Volcanic landforms and deposits found across Central and Western Victoria, together with related areas in SE South Australia, form the Newer Volcanic Province of SE Australia (Figure 1). Some 400 volcanoes are known, and lava, scoria and ash cover approximately 15,000 sq. km. Absolute dating, supported by some stratigraphic evidence, indicates activity began some 7 Ma ago, and the most recent activity at Mt Gambier in South Australia was about 5,000 years ago. A major part of the activity occurred during the Quaternary, including during occupation of the area by aboriginal people, and future activity cannot be ruled out.

An M.Sc. study of the Geelong area by Jim Bowler, completed in 1963, was mainly concerned with the Tertiary sediments of the area, but also discussed Tertiary and Quaternary sequences, including basaltic lava flows, weathering of sediment and basalt, and the physiography of the Geelong area. The Moorabool Viaduct Sand, a calcareous sand and calcarenite of late-Miocene to Pliocene age, is an important marker for post-Quaternary volcanics. Originally defined in the Geelong area by Bowler (1963) as the sediments between the Fyansford Formation and the overlying Newer Volcanics, its ferruginous weathering and silicification clearly show the influence of late-Tertiary climate. Bowler also recognised evidence for young tectonic activity during and since the time of volcanic activity, evidence of importance in current neotectonic studies in Victoria.

Across Victoria and SE South Australia Quaternary volcanism has left well-preserved cones, craters and crater lakes, scoria with irridescence and stony rise lava flows with ropy and glassy surface textures, and such an obvious youthful appearance overall that the explorer Major Mitchell, the first person to recognise the area as volcanic in 1836, suggested that eruption had been "within the memory of man". However, the thin and widely-separated flow and ash deposits mean volcanic stratigraphic correlation is difficult, and occasional interfingering of these deposits with equally thin and discontinuous Quaternary sediments provides little help with broad correlation across the area.

Further dating, including a new program of Uranium series dating with Ken Collerson and Ph.D. student David Murphy of the University of Queensland, should help clarify the age of activity during the last 0.5 to 1 Ma. Current regolith landform mapping, based largely on radiometric imagery acquired by the GSV in the last few years, and incorporating many detailed student maps of individual volcanoes and deposits, provides a good idea of activity during the last 2 Ma or more (see Joyce 1999). From this work a new estimate of the number, type and distribution of the Quaternary volcanoes and their deposits can now be made, and it is clear they are a major feature of the Quaternary for this part of the Australian continent.

The chronosequence of regolith, landforms and drainage on the Newer Volcanic lava flows of Western Victoria also provides an excellent setting in which to study climate and climatic change, and especially a major change ~2.5 to 3 Ma. Late-Tertiary active weathering and iron movement has produced on lavas deep pallid kaolinitic profiles with ferruginous and mottled upper zones, and these contrast with the slow rate of soil formation since that time which has produced clay soils only 1 to 2 m deep (Figure 2).

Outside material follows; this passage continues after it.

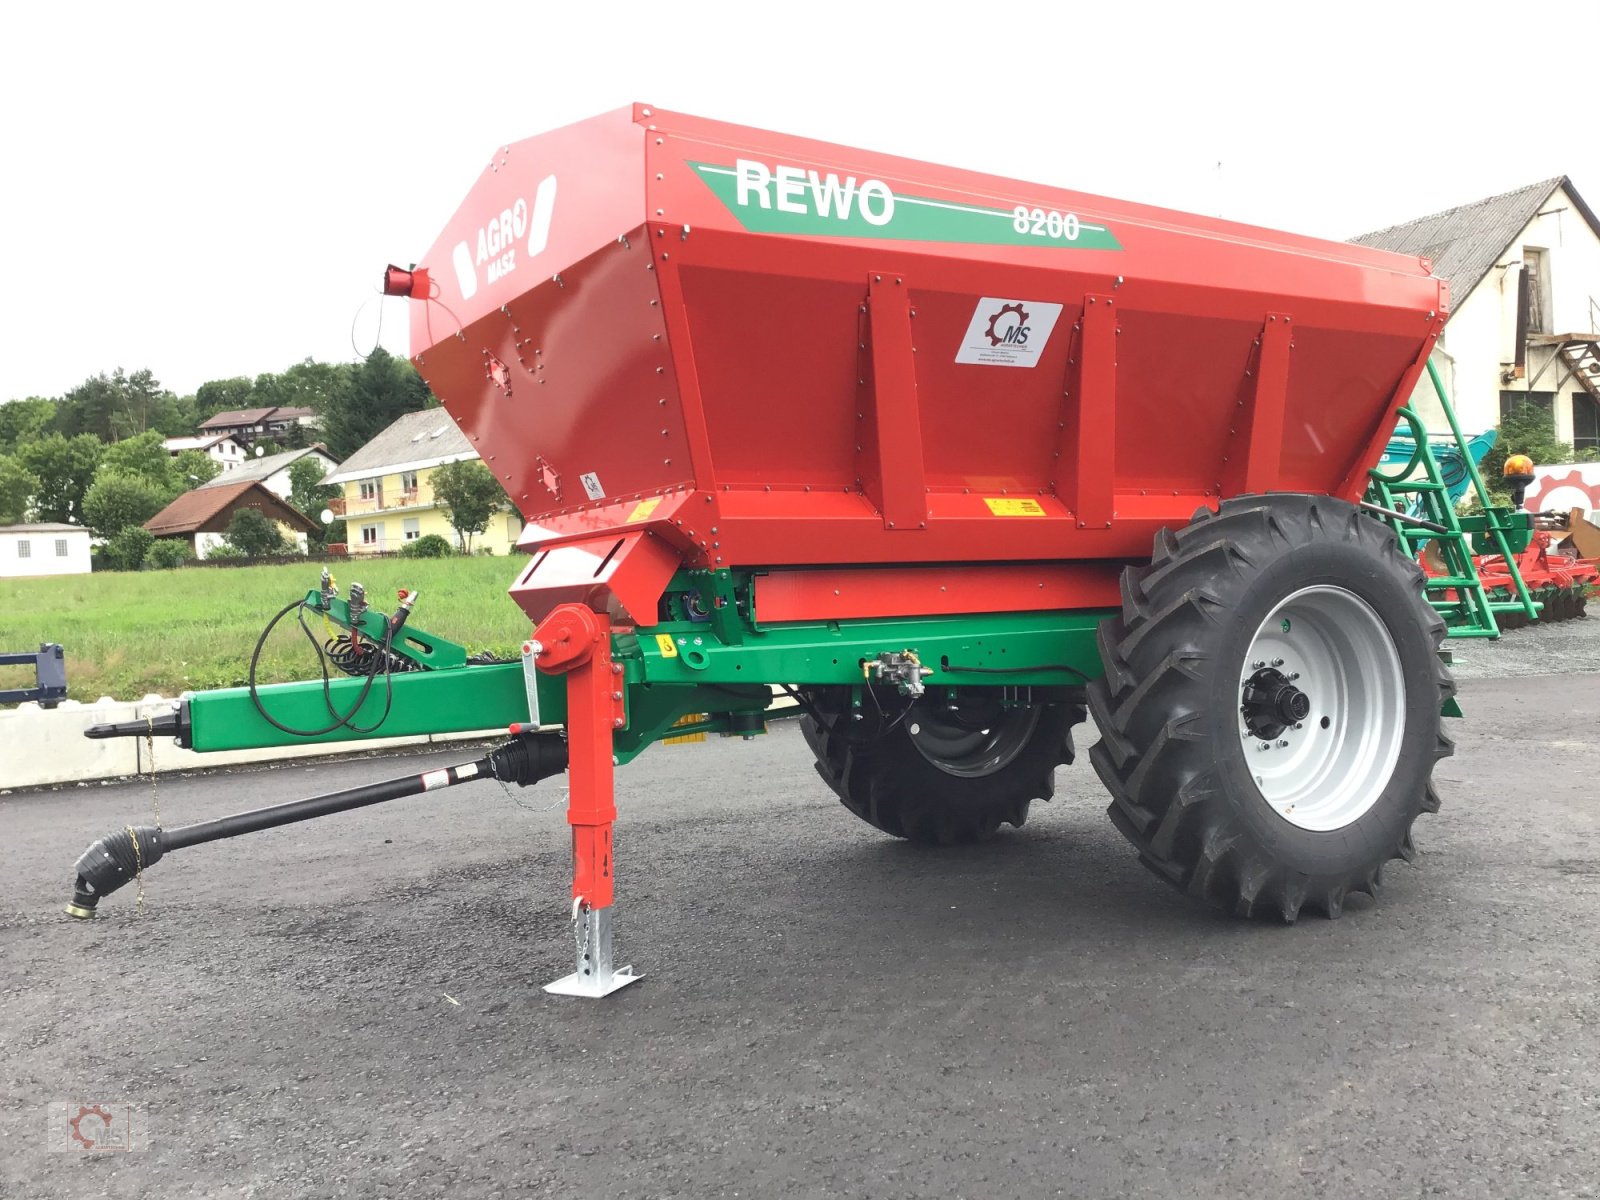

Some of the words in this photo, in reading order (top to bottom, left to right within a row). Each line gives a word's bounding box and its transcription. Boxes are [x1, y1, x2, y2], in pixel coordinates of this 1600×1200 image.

Volcanism in Victoria is both an aspect of the Quaternary, and also a key to its further study. It is a major aspect of the landscape, dramatically affecting drainage, groundwater, landforms and soils, and so influencing plants and animals, and aboriginal and later settlers, who have inherited and used a volcanic landscape overprinted with the effects of Quaternary climates. Volcanism is a key to future Quaternary studies which will use volcanic deposits and landforms as age markers, as traps for sediment, fossil pollen and other aeolian deposits, and as sources of archaeological materials for hand axes, and construction such as eel traps and houses. Most recently interest in neotectonics has begun to demonstrate that faulting, warping and doming is a young and probably continuing aspect of the region, affecting the landscape generally but also related to the difficult problem of when volcanism occurred, and why it has occurred in certain areas and not others.

Future work should include studies of the interaction of aeolian and volcanic deposition, particularly in soil formation, and of possible cycles and climaxes in past volcanic activity, and their relevance to predictions of future activity. It is also important to be able to describe the physical effects on the landscape of a scoria cone–lava flow eruption, or a more explosive maar eruption, both to help understand the Quaternary landscape, but also to consider the likely effects of any future activity.